►

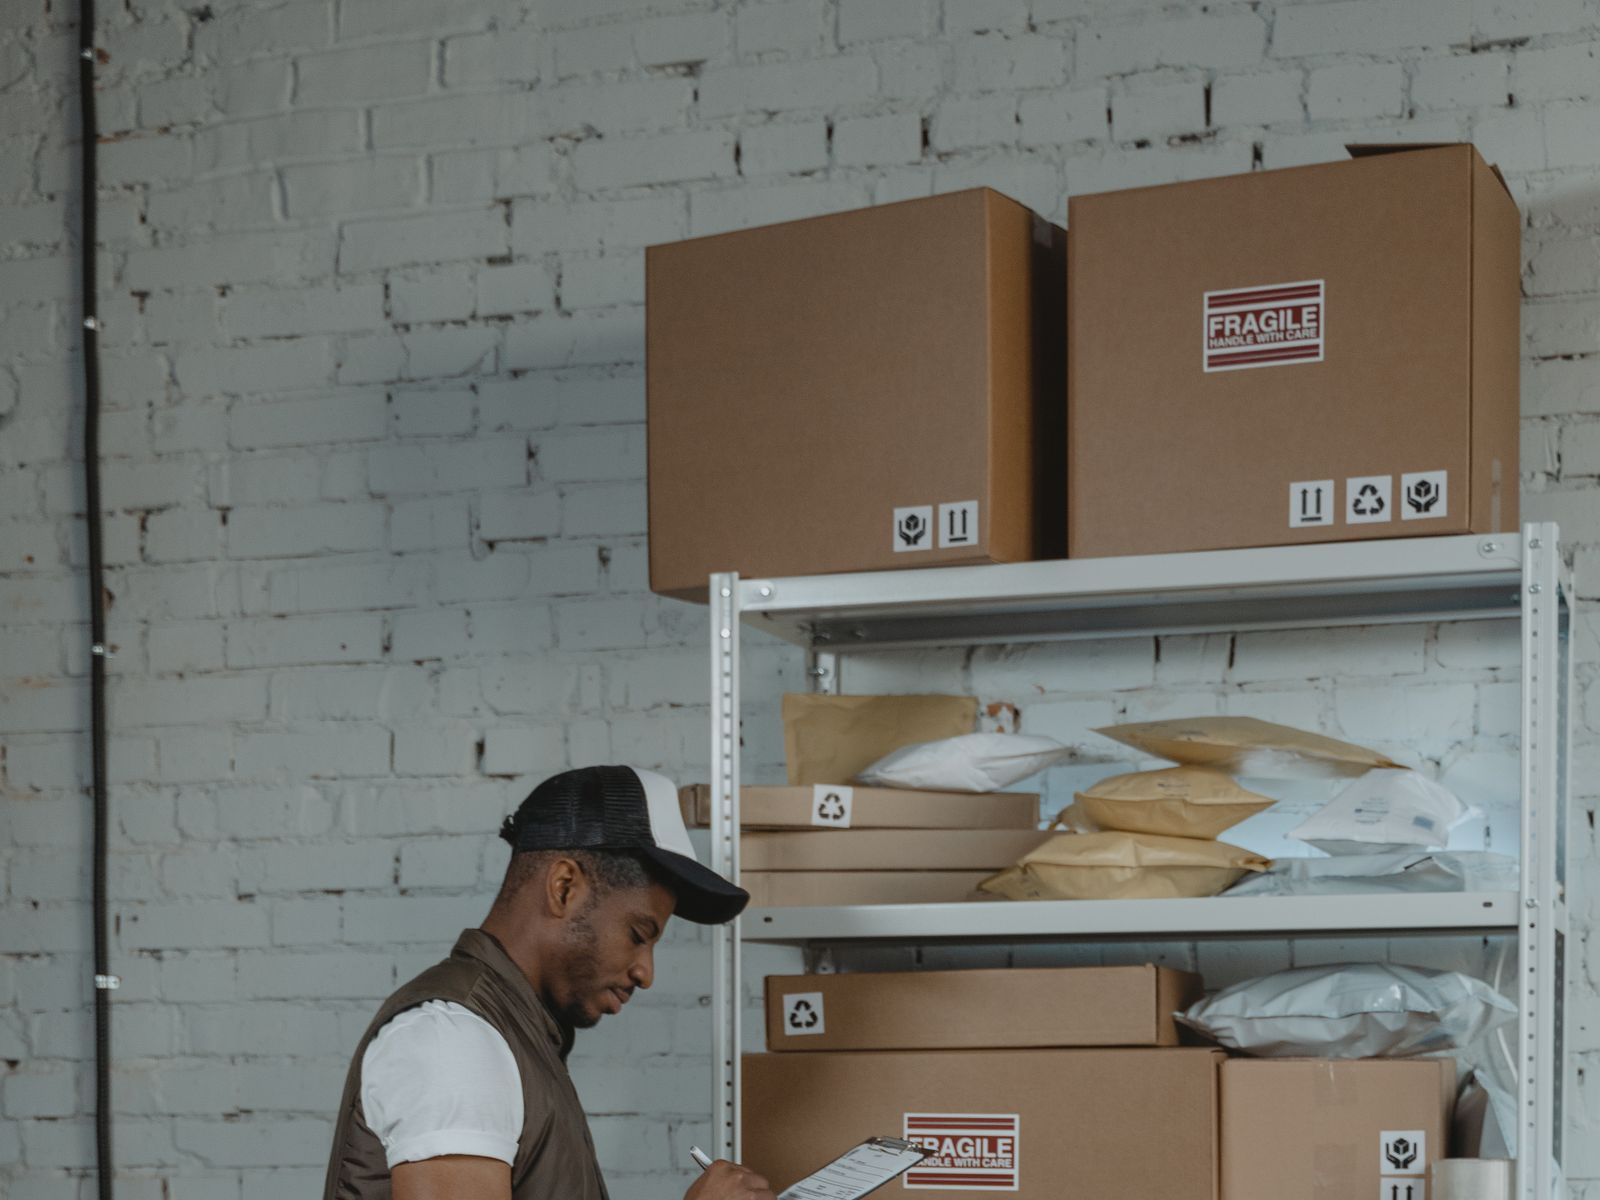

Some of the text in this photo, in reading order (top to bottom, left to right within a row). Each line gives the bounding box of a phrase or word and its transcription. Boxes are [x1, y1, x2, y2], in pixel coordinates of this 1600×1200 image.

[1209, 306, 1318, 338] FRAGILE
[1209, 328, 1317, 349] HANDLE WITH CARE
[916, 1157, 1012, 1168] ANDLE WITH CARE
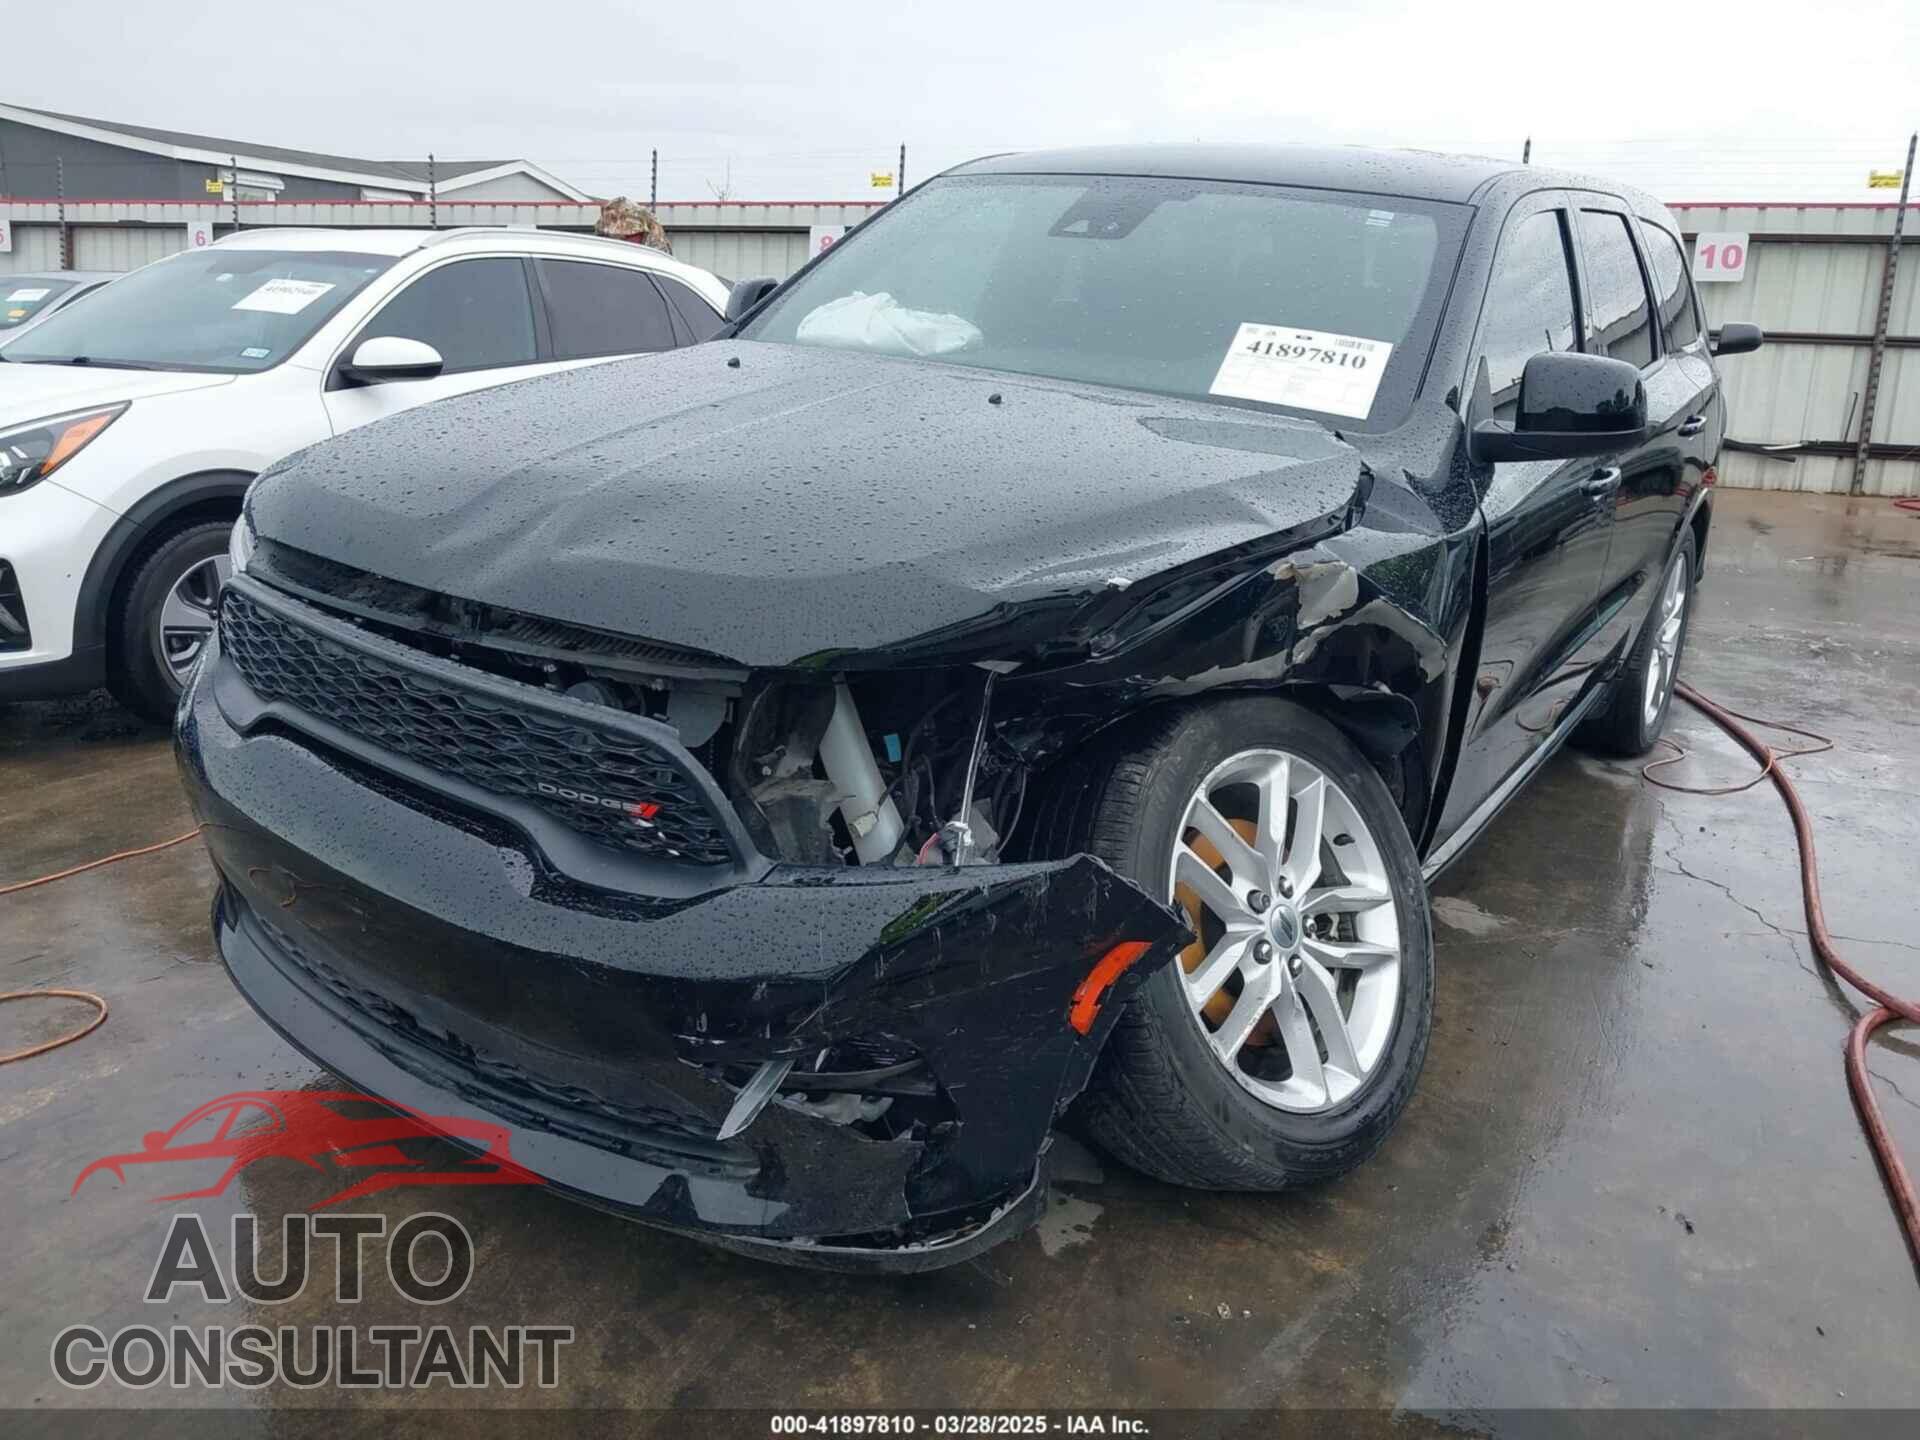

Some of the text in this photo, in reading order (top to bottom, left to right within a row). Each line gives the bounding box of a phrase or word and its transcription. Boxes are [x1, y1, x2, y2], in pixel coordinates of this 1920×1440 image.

◄

__WORK ORDER__
The entries above are to be repeated exactly, except for any pictures.

__COMPLETED EXERCISE__
Some of the text in this photo, in reading order (top to bottom, left to right within a row). Each line gives the bounding box of a phrase or word and its transcription. Boxes are [x1, y1, x2, y2], in pixel coordinates of this 1600×1200 image.

[1209, 306, 1318, 338] FRAGILE
[1209, 328, 1317, 349] HANDLE WITH CARE
[916, 1157, 1012, 1168] ANDLE WITH CARE

Some of the text in this photo, in reading order (top to bottom, left to right within a row). Each line gives the bounding box of a phrase or word and its transcription. Boxes are [x1, y1, x2, y2], in pixel coordinates of this 1920×1440 image.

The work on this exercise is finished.